When Loki is next seen, he appears as the villainous Halloween Jack after being tortured by Desdemona and her brother Lytton after they accuse him of cheating in their casino. Loki seeks revenge on them for turning him "into a monster" and with the help of Meanstreak, he heads to Las Vegas and finds Desdemona alone in her office. He attack her, revealing to her his true form (Loki) and hacks into her accounts planning to 'make Vegas fun again'.

Marvel Zombies
In the alternate Marvel Zombies universe, Loki is shown dead, having been eaten by the Zombie Avengers.

MC2
In the reality of Earth-982, Loki kidnaps several major superheroes including Thunderstrike (Kevin Masterson), the Stinger, Jolt, Jubilation Lee, Speedball, J2 and Mainframe after sending a fake distress call from the former Avengers mansion. He ties them up and takes them to Asgard, where he wants to use Thunderstrike's mace's powers for himself, but Kevin disrupts the spell, absorbing the mace into himself and transforming into a new Thunderstrike in the process. Loki and his army of Trolls are forced into retreat by the heroes, with help from Thor, now the King of Asgard. Thunderstrike, Stinger, J2 and Mainframe decide to stay together as the new Avengers. The adult heroes decline to stay with the reformed team because of personal reasons.

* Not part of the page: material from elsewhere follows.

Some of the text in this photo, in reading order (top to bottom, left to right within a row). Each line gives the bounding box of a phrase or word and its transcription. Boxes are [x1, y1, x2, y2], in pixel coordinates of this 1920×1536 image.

Years later, Loki is bitter about the fact that he was the cause of the Avengers' formation and wants to get his revenge. They start kidnapping heroes, holding them prisoner in life-sized crystals when Captain America, J2, Thunderstrike, Spider-Girl and Wild Thing show up through a portal they found in another universe. The heroes are quickly outnumbered by Loki's robots and they vow to end The Age of Heroes.

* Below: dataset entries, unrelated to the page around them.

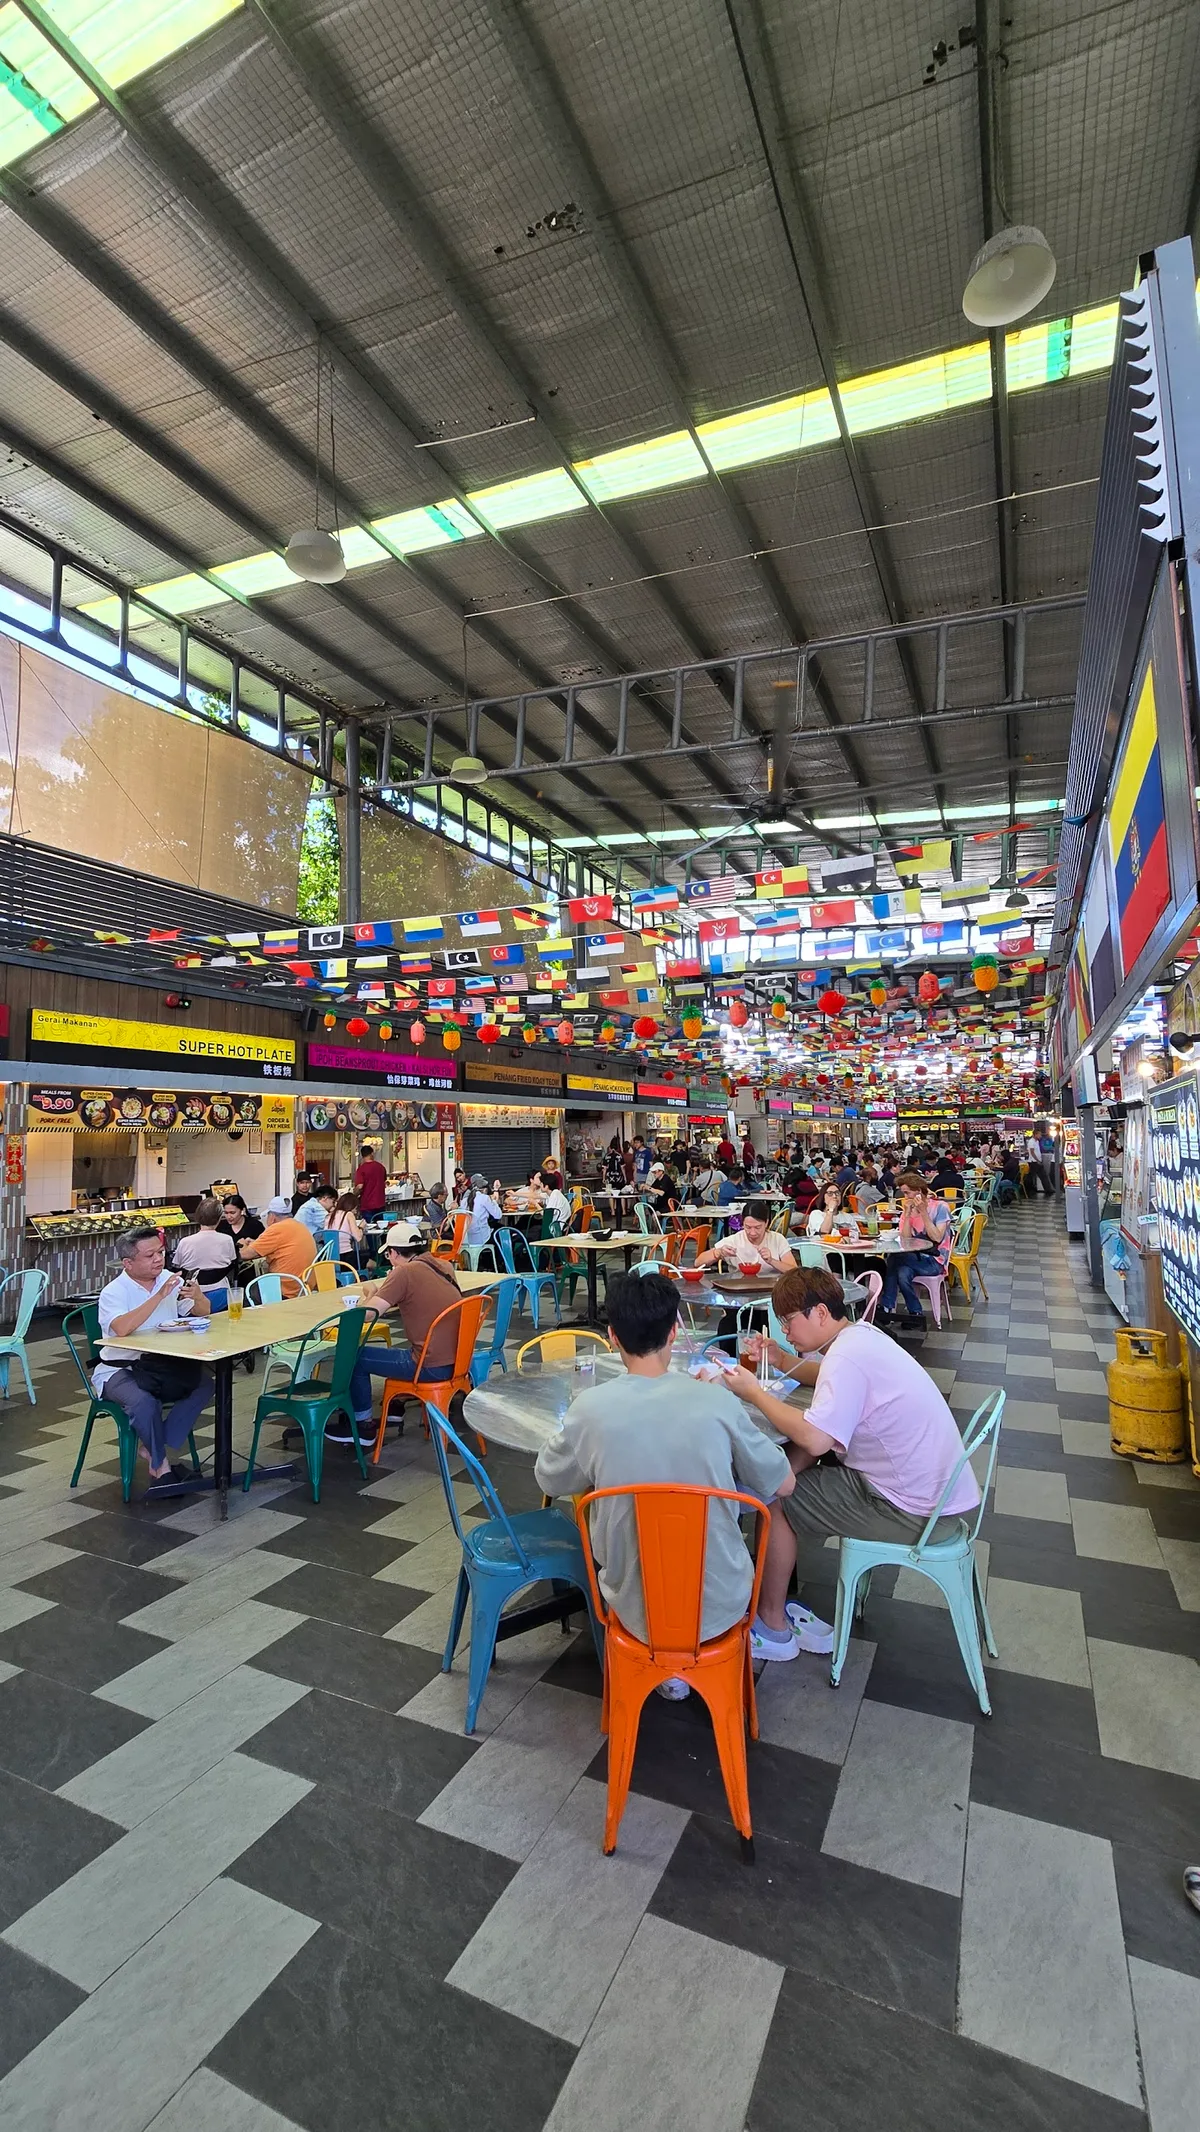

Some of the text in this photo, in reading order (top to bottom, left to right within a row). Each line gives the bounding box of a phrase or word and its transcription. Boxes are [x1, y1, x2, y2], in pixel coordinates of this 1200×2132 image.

[37, 1014, 98, 1028] Gerai Makanan
[179, 1039, 292, 1062] SUPER HOT PLATE
[316, 1053, 333, 1065] IPOH
[335, 1054, 379, 1070] BEANSPROUT
[262, 1064, 292, 1077] 铁板烧
[493, 1072, 517, 1083] PENANG
[517, 1075, 532, 1084] FRIED
[593, 1083, 609, 1091] PENANG
[42, 1097, 75, 1110] 9.90

J2 and Spider-Girl escape but Captain America and Thunderstrike are chained and Loki plans to brainwash the heroes to send them back to Earth where they will become violent and turn against each so they will eventually destroy all the heroes. His plan is ruined by Thor when he shows up after figuring out why certain superheroes are acting so much differently. Together, Thor, Captain America, Hulk and Spider-Girl get Loki to surrender. Captain America notices a gem hanging on Loki's neck, and smashes it with his shield. Loki was using this gem to help turn the heroes evil but once the gem is destroyed, the heroes revert to normal. A furious Loki releases a deadly blast on Captain America, killing him. Thor uses his hammer and sends Loki into Limbo forever and the Hulk decides to join him to make sure that Loki remains there. After Captain America dies, Thor uses his hammer to grant Captain America's soul immortality. His soul floats into the skies, and creates a shiny new, bright star in the sky in the form of Captain America's shield, meant to always inspire the heroes and future generations to come.

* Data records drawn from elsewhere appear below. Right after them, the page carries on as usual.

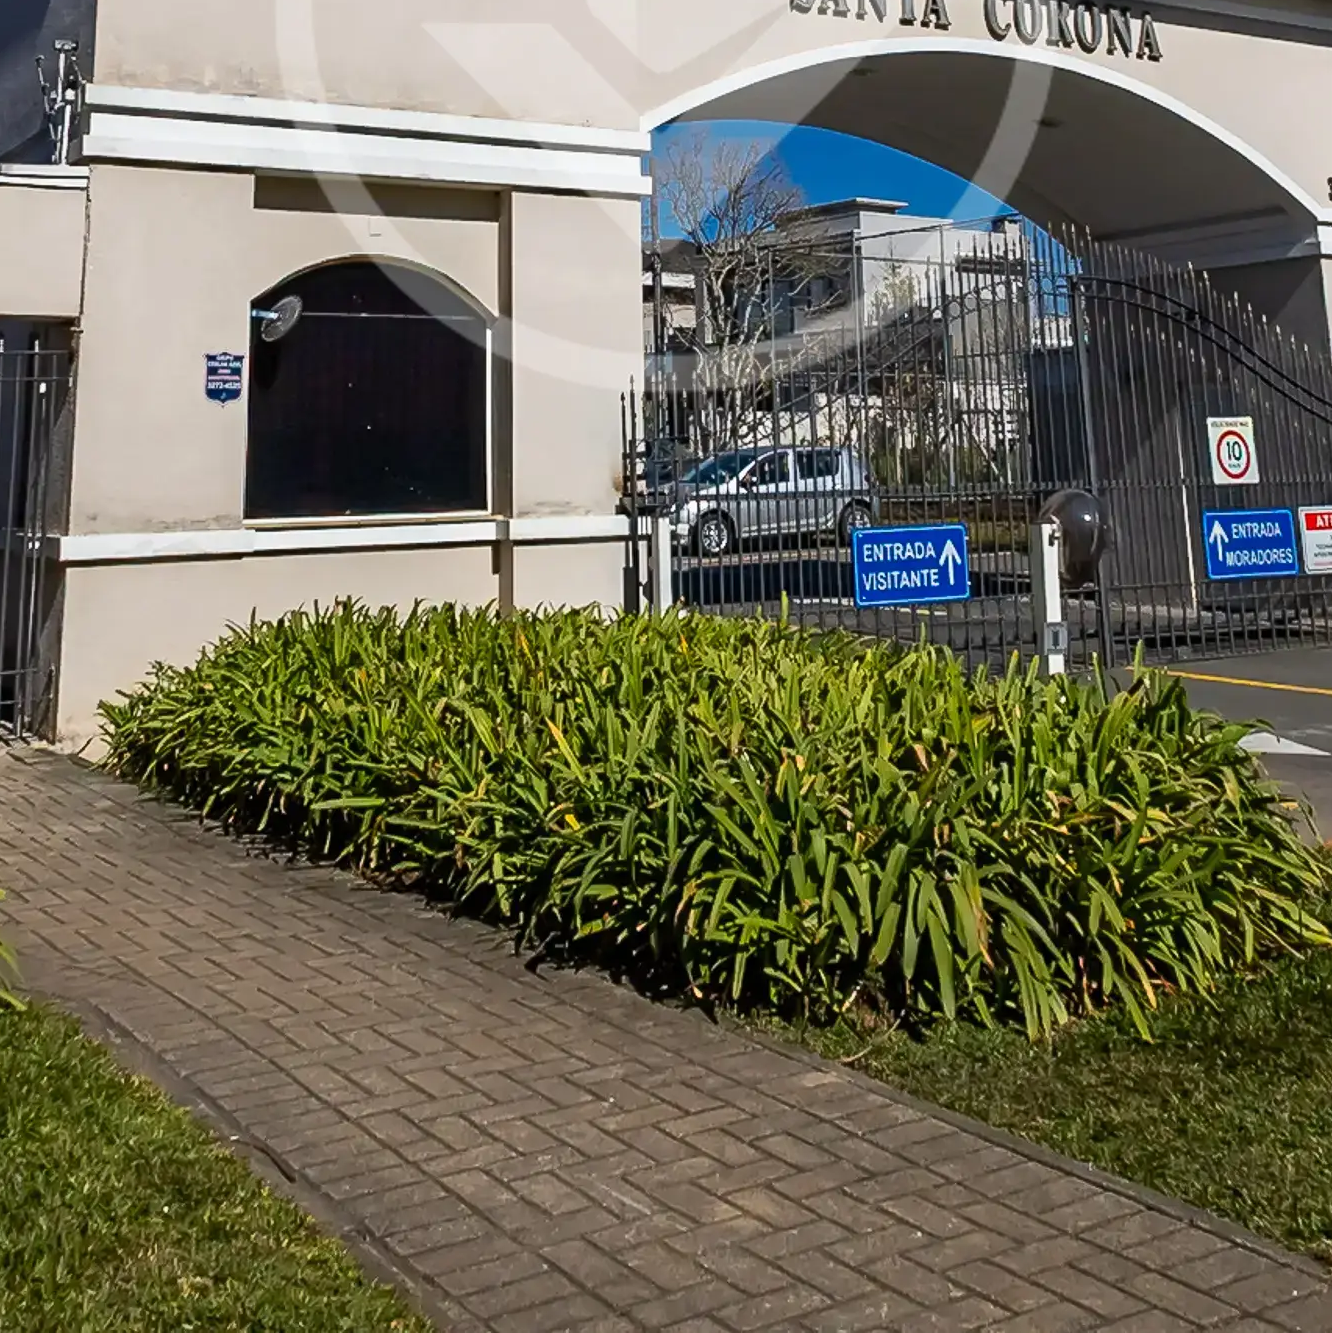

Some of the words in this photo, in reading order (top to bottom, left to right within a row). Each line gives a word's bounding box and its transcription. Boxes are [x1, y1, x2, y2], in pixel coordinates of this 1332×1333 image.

[1226, 440, 1243, 462] 10
[1231, 522, 1282, 539] ENTRADA
[863, 541, 936, 563] ENTRADA
[1226, 548, 1294, 567] MORADORES
[862, 568, 940, 592] VISITANTE

In this universe, Loki has a daughter, Sylene. She seeks revenge on the Avengers especially Thor for Loki.

Mutant X
In the Mutant X universe, when Loki tampered with Iceman's powers, he left Iceman unable to touch other humans without ending their lives.

Old Man Logan
In this alternate reality, Loki is allegedly killed (while giant-size) when the Baxter Building is dropped on them. All that remains as proof is a giant skeleton.

Ultimate Marvel

Loki appears in The Ultimates 2 as the evil half-sibling of Thor.
The Ultimate version of Loki has the ability to "shuffle time and space", and in his first appearance, causes a ripple during Thor's conversation with Volstagg. In the restaurant, Loki is apparently in the background, which would mark his first "appearance" (he is mentioned and his powers apparently used, but they are only briefly seen). Loki comes to Earth after escaping from the Room Without Doors and begins to cause havoc, especially for Thor and the United States after assisting the Liberators (multinational group of superpowered villains representing Syria, China, Iran, Russia, North Korea, and France). Through his power he creates the persona for himself of "Gunnar Golmen", the head scientist of the Norwegian extension of the "European Defense Initiative", the European counterpart to The Ultimates, and turns Thor into "Thorlief", Gunnar's brother, a former mental patient who stole the technology that Gunnar created for the Initiative.

Later in the story, he confronts the captive Thor and gloats that it is all just another one of his games, and informs him that there is a traitor in the ranks of the Ultimates. When Thor requests assistance from the guards, Loki is nowhere to be seen, though he appears as a snake around Thor's neck after they leave (most likely a nod to the real Loki in Norse mythology). At the end of The Ultimates 2 #9, Loki states that the reason he joined the Liberators was because "They had a Norse god on their side. It's only fair you should get one too", and that "Odin sent his son to bring the world peace. I couldn't resist the opportunity to mess that up." However, he is hesitant to use his abilities overtly as he claims Odin will then be able to find them. Yet once all The Liberators are defeated, he decides to do things himself. After revealing to the Ultimates who he truly is, he rises into the air and change the color of the sky. At that moment—thanks to the Scarlet Witch 'calculating the odds' of someone showing up to defeat them—the sky opens and Thor, his brother, appears for revenge.

Issue 13 shows further demonstrations of his powers by attempting to trap Thor in an illusion and withstanding a direct blow from Thor's hammer uninjured, claiming it cannot hurt him. During this battle, Thor mentions that Loki's powers have weakened for an unexplained reason. After Loki summons an army of monsters to battle the Ultimates and nearly kills Thor, the thunder god then proceeds to summon allies from Asgard while he strikes Loki with his hammer, sending him back to Asgard where Odin awaits.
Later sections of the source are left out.